Sweet beetroot, salty Greek style salad cheese and creamy walnuts tossed together with a light honey balsamic dressing on a bed of rocket - this summery salad makes the ideal appetiser or side to share alongside a meal!
Boxes and ingredients are packed in facilities that handles Peanut, Nuts, Sesame, Fish, Crustaceans, Milk, Egg, Mustard, Celery, Soya, Gluten and Sulphites. Due to the war in Ukraine, it has been necessary to substitute sunflower oil with rapeseed oil in some products without a label change. The FSA have advised that allergic reactions to rapeseed oil are rare.
250 grams
Cooked Beetroot
15 grams
Honey
12 milliliter(s)
Balsamic Vinegar
(Contains Sulphites)
40 grams
Wild Rocket
50 grams
Greek Style Salad Cheese
(Contains Milk)
20 grams
Walnuts
(Contains Nuts May contain Peanut, Sesame, Nuts)
1 tbsp
Olive Oil for the Dressing
a) Cut the beetroot into 2cm chunks.
a) In a large bowl, combine the honey, balsamic vinegar and olive oil for the dressing (see pantry for amount). TIP: If your honey has hardened, pop it in a bowl of hot water for 1 min.

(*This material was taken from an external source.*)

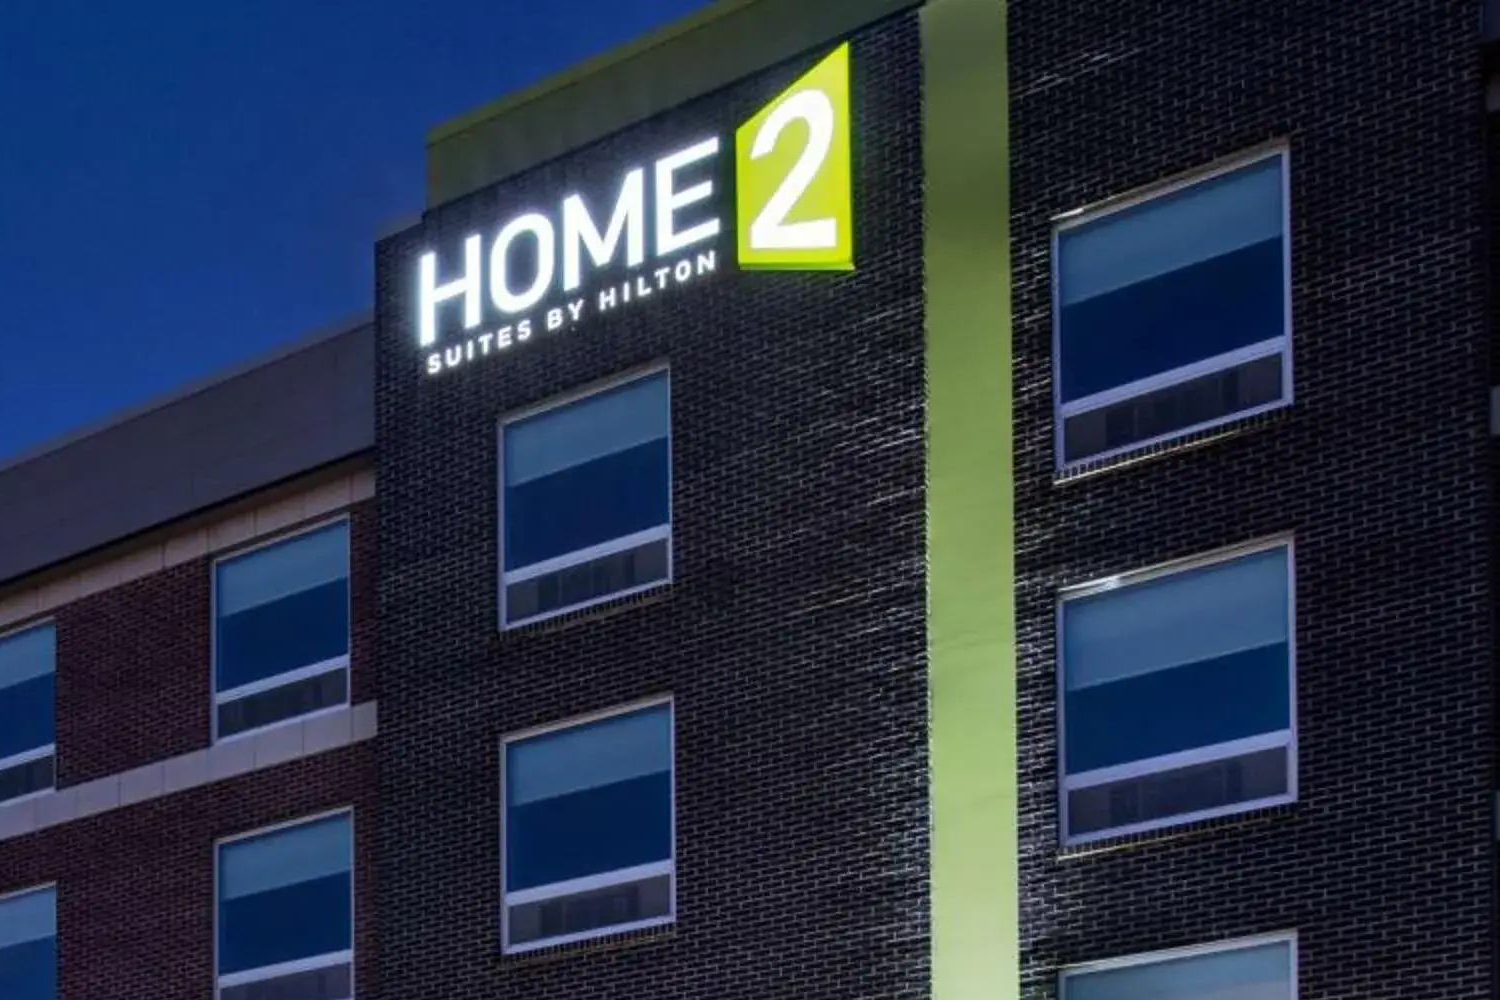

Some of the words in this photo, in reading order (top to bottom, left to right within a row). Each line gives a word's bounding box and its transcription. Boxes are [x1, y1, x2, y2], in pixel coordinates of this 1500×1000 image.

b) Add the beetroot and rocket to the dressing, then toss to coat.
a) Crumble half the Greek style salad cheese into the bowl, then add half the walnuts.
b) Stir gently to combine.
c) Transfer the salad to a serving bowl. Crumble over the remaining Greek style salad cheese and sprinkle over the walnuts to finish.
d) Enjoy!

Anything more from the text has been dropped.